Persuading Staff it is safe to Return – Top Tips for Employers

Many businesses will have either furloughed staff or asked them to work from home since the lockdown was imposed. Some will have had no option but to make employees redundant. But now that the Government has announced that it is time to get back to work some employers are finding it more difficult to do than they envisaged.

Here are some answers to frequent questions asked by employers who want to ensure they are following Government guidelines diligently and want to ensure that their staff feel safe returning to work.

Do staff all have to return?

No. The government has made it clear that if employees can work from home and can continue to do so, then those arrangements should remain in place for the moment. However, if the job can only be done from your premises, then employees are being encouraged to come back to work. However, if they are still furloughed, they should not just turn up in their normal place of work without you contacting them first to arrange that first. This is where it has become confusing for some, because many employees have taken the government’s message as an instruction to return – rather than it being an indication to employers to make arrangements for their return. To avoid confusion, contact your staff regularly to let them know what is happening and what your expectations are regarding timescales.

What do employers have to do?

Ultimately, it will depend on what sector your business is in. If your business is still prohibited from trading, such as those in the hospitality sector, you cannot restart your business yet. You can however use the time to plan the reopening of your business when the time comes.

For those in sectors that have been allowed to continue to trade, there is guidance available on the gov.uk website, for example for those whose employees work in offices, factories, shops, construction work and for drivers. Each guide looks at the risks; who should be going to work (and how they get there); the practicalities of socially distancing at work; managing customers and visitors; cleaning requirements; what PPE you many need; the practicalities of managing your workforce and how to deal with inbound and outbound goods.
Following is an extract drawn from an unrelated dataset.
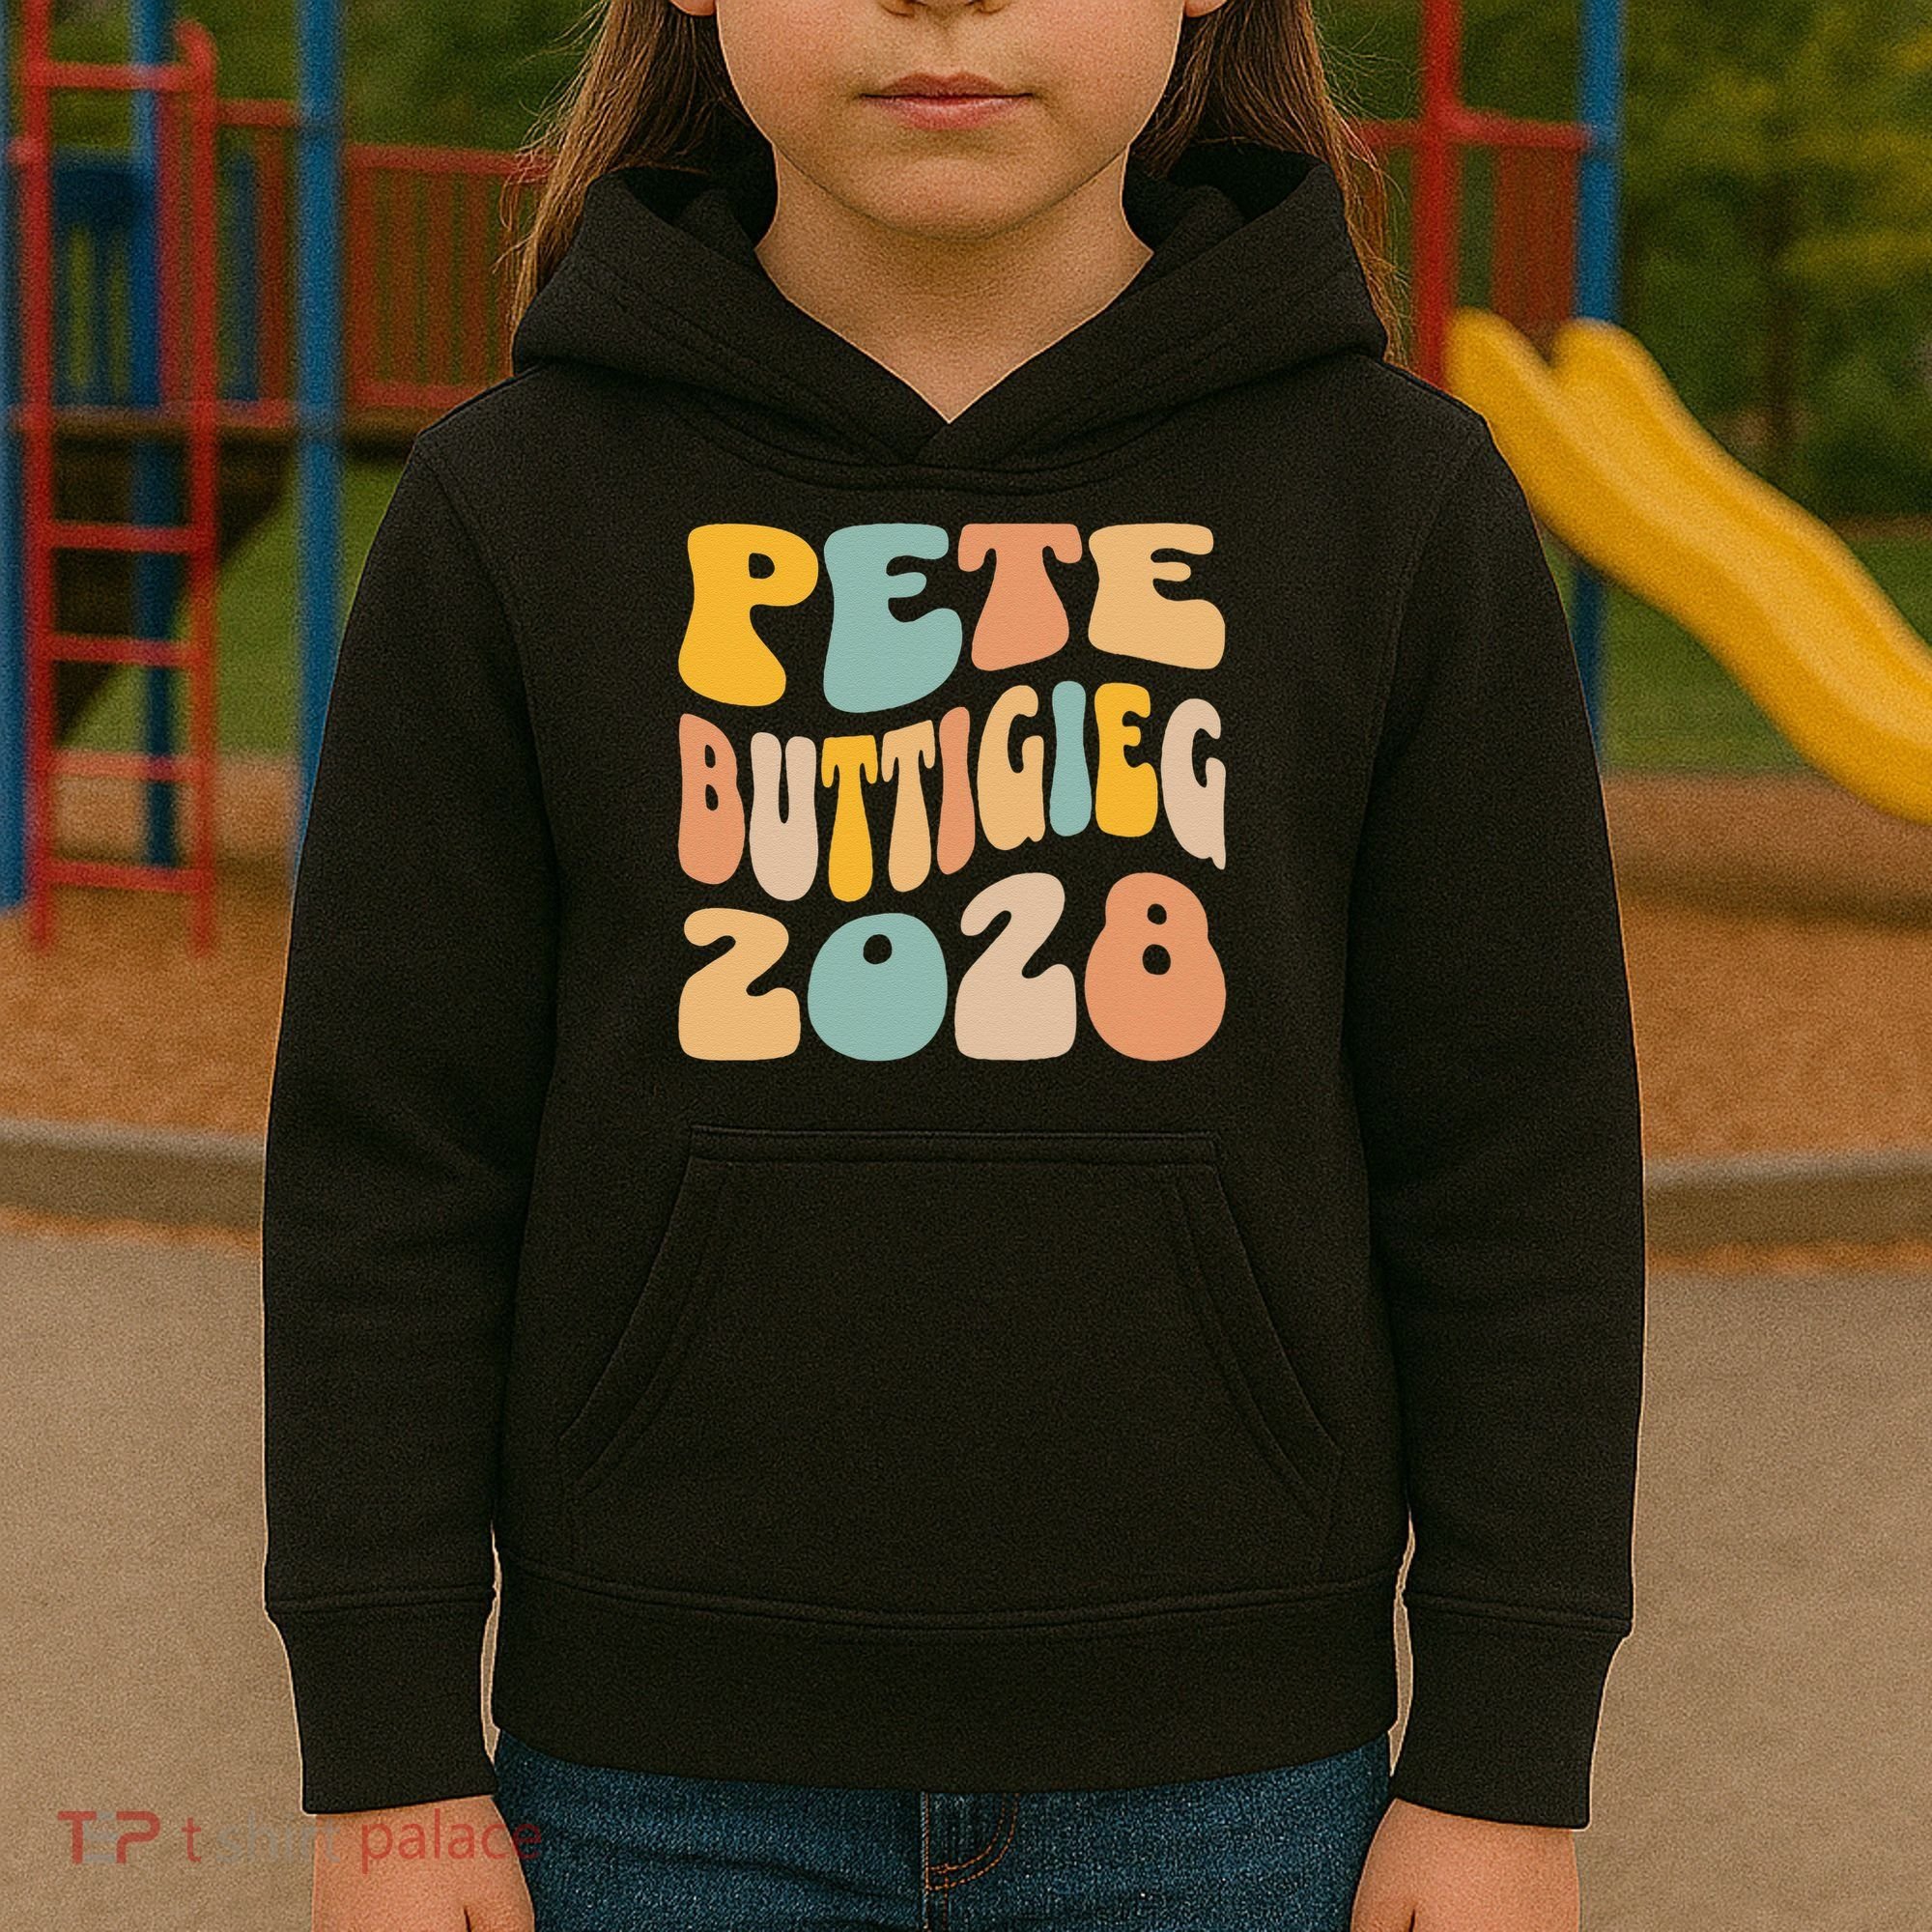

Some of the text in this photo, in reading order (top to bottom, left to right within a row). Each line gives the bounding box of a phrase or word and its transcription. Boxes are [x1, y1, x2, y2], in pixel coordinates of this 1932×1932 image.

[678, 523, 1225, 713] PETE
[678, 681, 1226, 902] BUTTIGIEG
[678, 872, 1226, 1061] 2028
This means that you will need to carry out a risk assessment for your business and work out what measures you must put in place – whether that means more signage or hand-washing facilities – or perhaps changing your working habits so that hot-desking is not permitted. You may need to move workstations around or consider implementing shifts to limit the number of people in one area at a time. This will bring its own headaches; if it is not possible for all staff to come in for their usual time, you may have to reduce the hours they can work, so this may impact on their pay. If that is the case, you are likely to find some staff members requesting that they remain furloughed so they get at least 80% of their normal wages. But you could consider putting people on rotating furlough periods (of at least 3 weeks) to allow everyone the chance to get back to work.

What if staff refuse to return?

Understandably, some employees will be concerned at the prospect of coming back into work. They may be worried about the measures you have put in place; the journey in, or perhaps the fact that they are living with someone who is shielding or vulnerable. They may have children who are not yet able to return to school and there is no one else to take up the childcare.

To deal with all of these situations, the first thing to do is to involve the staff in your redesign of the working arrangements. If you have H&S representatives in your workforce, include them in plans so that they can provide independent reassurance to the employees that the measures you are installing will minimise risk to them. Otherwise ask for volunteers to get involved – and then send a copy of your risk assessment and measures to your staff. Put them on your website, if possible, and include photos to show what changes you have made.

Then write to each employee and give them notice of your request for them to return – preferably at least 48 hours beforehand. If you foresee having to make changes to their hours or pay, you will have to get them to agree to those changes as you cannot simply impose them but explaining that they are temporary should help.

Invite them to contact you if they have any concerns so that you can deal with their individual issues. In some cases, it may be physically impossible for them to return (for example if they have childcare issues and cannot come back until the schools return) so be pragmatic in the way you address these and it may be appropriate to keep those staff furloughed. But if you have someone who has no genuine reason for being unable to return and you have unfurloughed them, you should avoid taking disciplinary action as they may simply be frightened to return. In those cases, if the work is there and they are unwilling to return, you can consider putting them on unpaid leave until they are ready to return, but only use this as a last resort and take advice before doing so.

More changes ahead

We know that the furlough scheme has been extended until the end of July but that after that, there will be some changes to allow people to work part time and furloughed for the rest. We do not have any more details yet, but they should help with the phasing in of the return to work arrangements.

There is a lot to consider but if you have any concerns about the arrangements you are putting in place or have a critical people issue to solve, talk to a reputable HR Adviser as there are probably more options available to you than you might think!